Une équipe de physiciens a annoncé la semaine dernière la création d'un appareil qui convertit les gaz d'échappement des voitures en énergie renouvelable. Les scientifiques sont basés à l'Université de l'État de Washington et leurs efforts représentent un grand pas en avant dans le domaine en plein essor de la thermoélectrique, l'utilisation de la chaleur convertie pour générer des formes d'énergie alternatives. La récupération de chaleur à diverses fins suscite un intérêt considérable.
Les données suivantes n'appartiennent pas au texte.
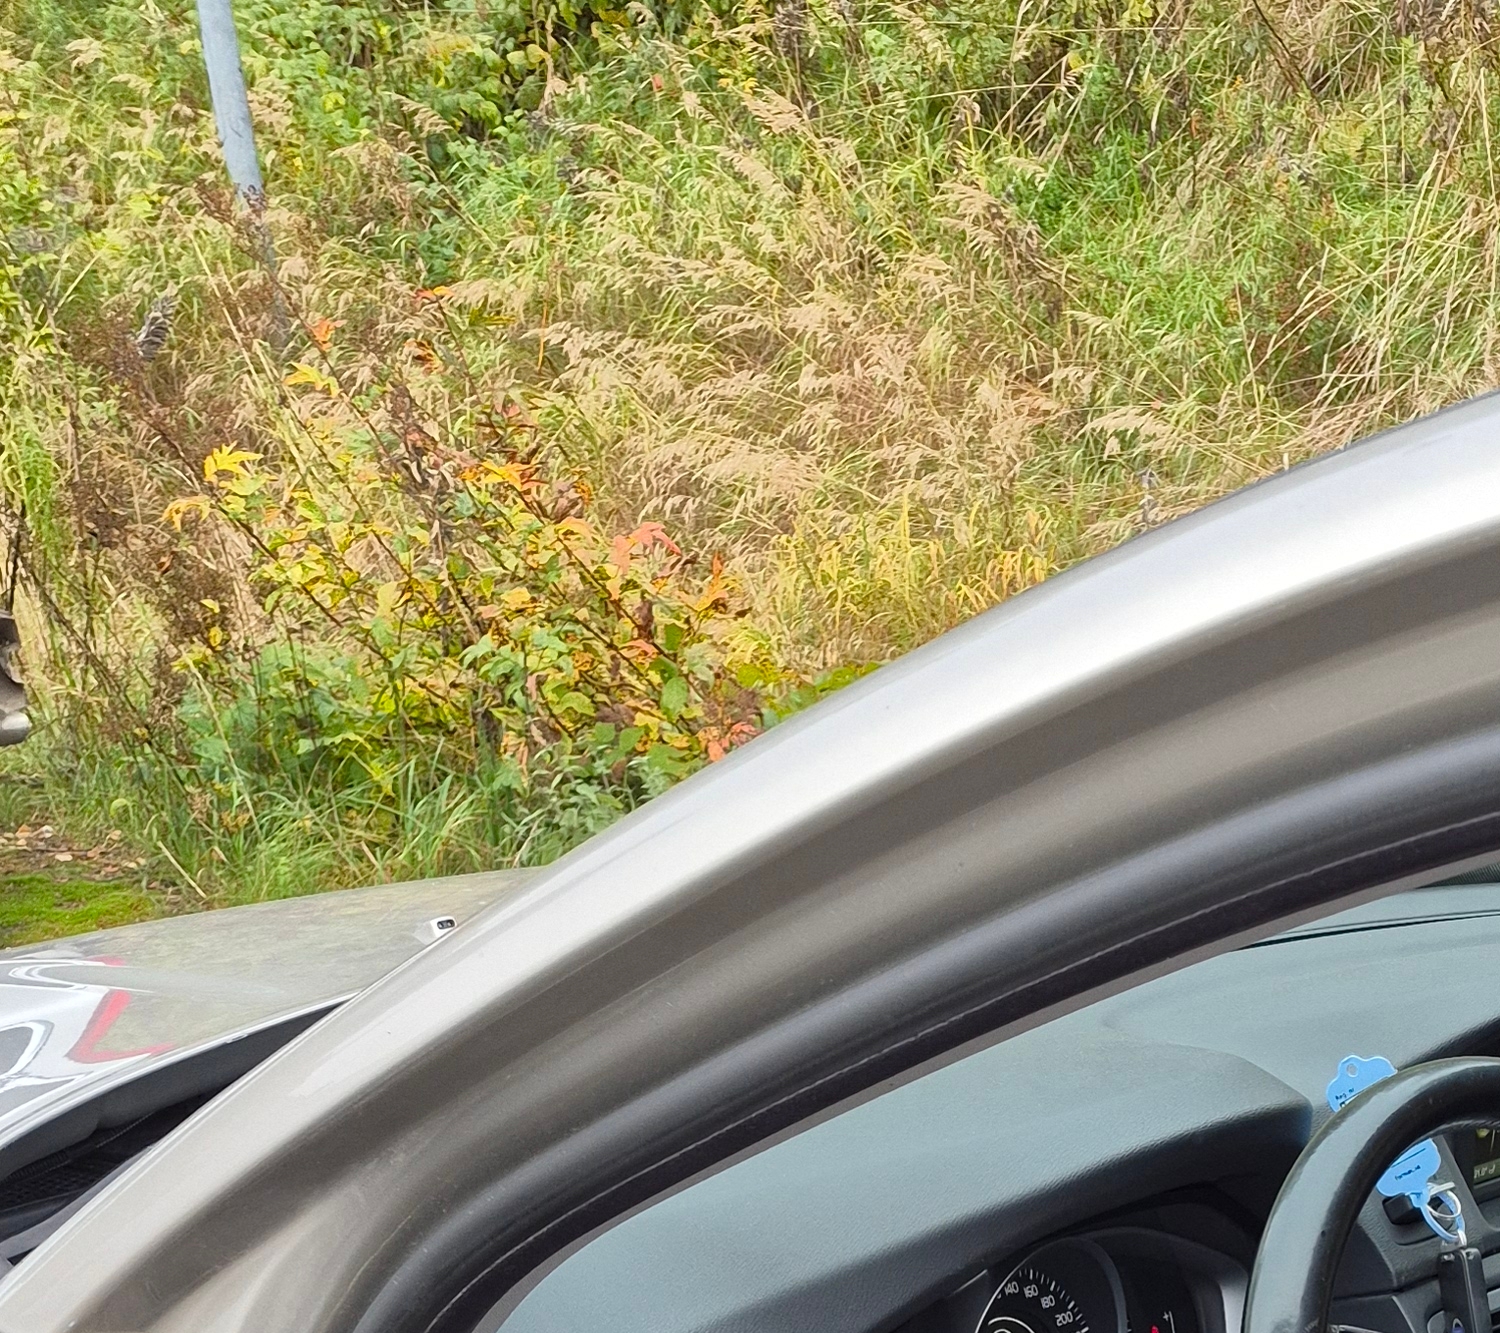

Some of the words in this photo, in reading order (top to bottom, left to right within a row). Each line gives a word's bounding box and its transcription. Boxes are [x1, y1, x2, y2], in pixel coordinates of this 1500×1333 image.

[1004, 1281, 1019, 1296] 140
[1023, 1284, 1039, 1298] 160
[1040, 1295, 1055, 1309] 180
[1055, 1311, 1073, 1327] 200
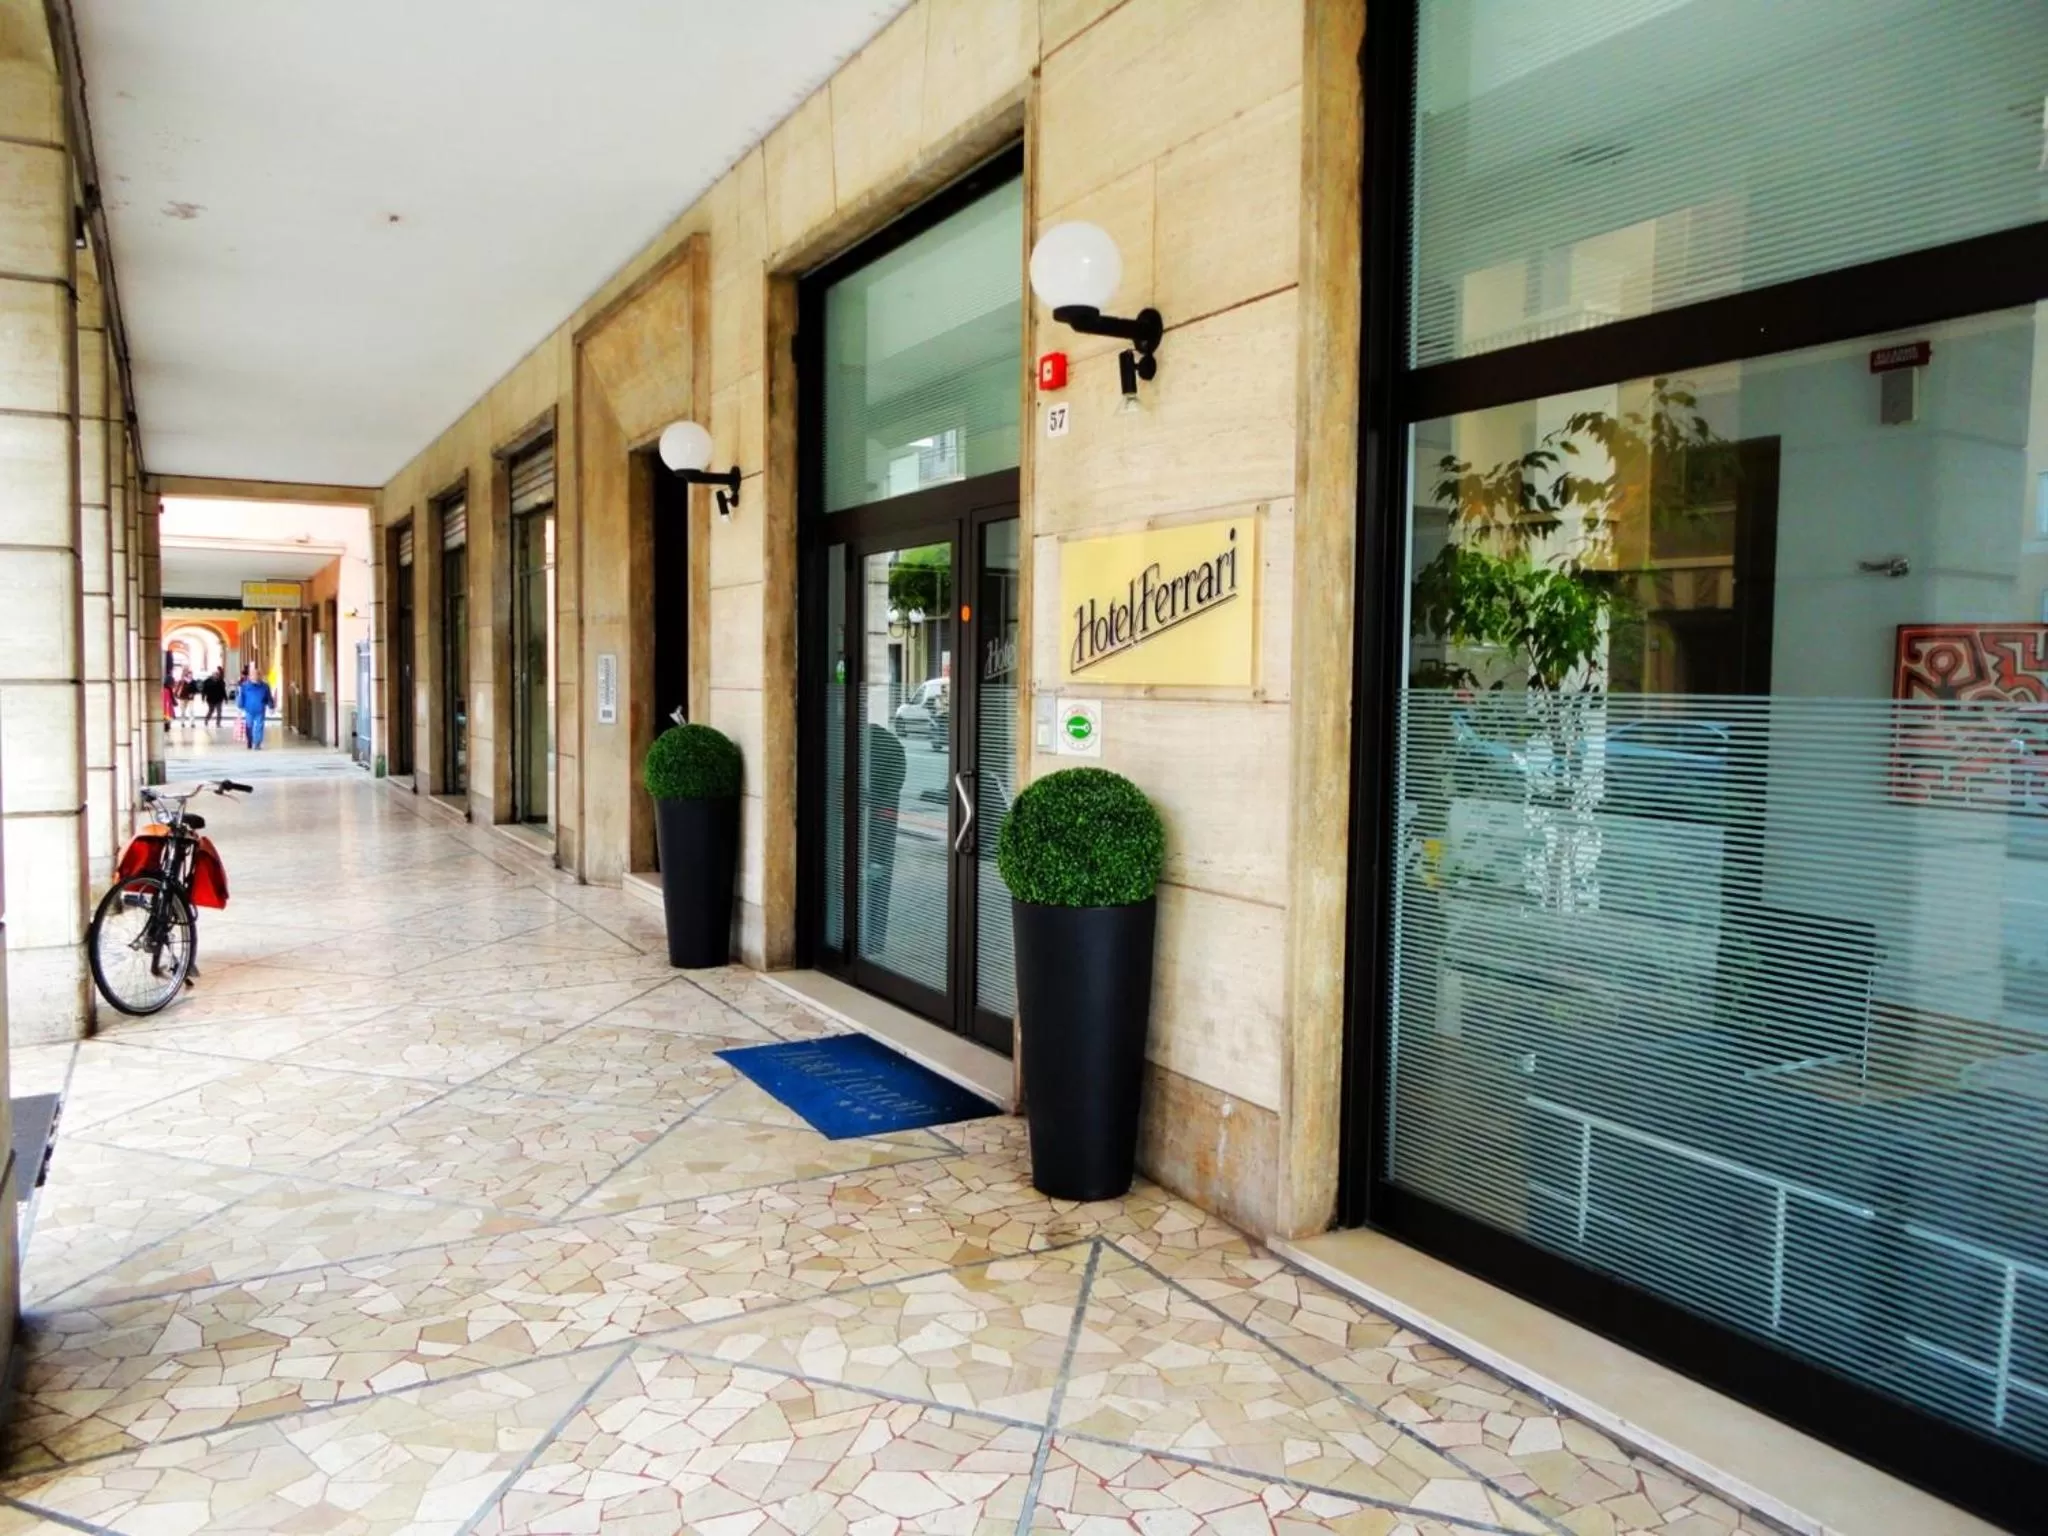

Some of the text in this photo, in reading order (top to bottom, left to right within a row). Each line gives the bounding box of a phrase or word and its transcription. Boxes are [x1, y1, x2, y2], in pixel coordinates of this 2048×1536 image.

[1050, 408, 1066, 431] 57
[1072, 527, 1237, 670] Hotel Ferrari
L'appareil utilise un nouveau type de diode: la van der Waals Schottky diode - qui transforme essentiellement la chaleur en électricité à un taux trois fois plus efficace que le silicium. La chaleur peut être conservée comme une sorte de courant stockable. La conversion de la puissance de batterie stockable à partir de la chaleur que l'équipe envisage est un autre projet connexe. Ce domaine de la thermoélectrique aborde les problèmes liés à la difficulté d'exploiter pleinement la chaleur créée par tout, des voitures aux appareils électroménagers.

La conversion de chaleur se fait généralement par l'utilisation de diodes, des dispositifs conçus dans le but de conduire le courant électrique dans une direction. Les deux types les plus courants sont les diodes électroluminescentes, ou LED, et les diodes Schottky, qui impliquent un matériau semi-conducteur joint à un métal pour obtenir une conversion de chaleur en conduisant un flux électrique. Bien que les deux types de diodes soient des normes de l'industrie, le co-auteur de l'étude, Matthew McCluskey, a rapidement souligné leurs limites en matière de conversion de chaleur:

«Lorsque vous attachez un métal à un matériau semi-conducteur comme le silicium pour former une diode Schottky, il y a toujours des défauts qui se forment à l'interface ... Ces imperfections piègent les électrons, empêchant le flux d'électricité. Le nom van der Waals Schottky est donc un clin d'œil à la diode Schottky, mais aussi une amélioration sur quelque chose qui, selon l'équipe, fonctionne déjà assez bien.

La principale caractéristique distinctive est qu'à la place du silicium pour la diode, l'équipe a utilisé un composé cristallin connu sous le nom de séléniure d'indium (InSe), ce qui signifiait qu'une couche pouvait fonctionner comme un métal et l'autre comme un semi-conducteur, combinant essentiellement le processus en une.

Au sujet des implications futures importantes, le physicien chef de l'équipe WSU, Yi Gu, a semblé très optimiste:

«À l'avenir, une couche pourrait être attachée à quelque chose de chaud comme un échappement de voiture ou un moteur d'ordinateur et une autre à une surface à température ambiante», a déclaré Yi Gu, qui a dirigé l'étude WSU. «La diode utiliserait alors le différentiel thermique entre les deux surfaces pour créer un courant électrique qui pourrait être stocké dans une batterie et utilisé en cas de besoin.»

Le besoin d'énergie renouvelable est urgent et, avec ce grand pas, les physiciens espèrent que les travaux futurs dans la région seront très fructueux.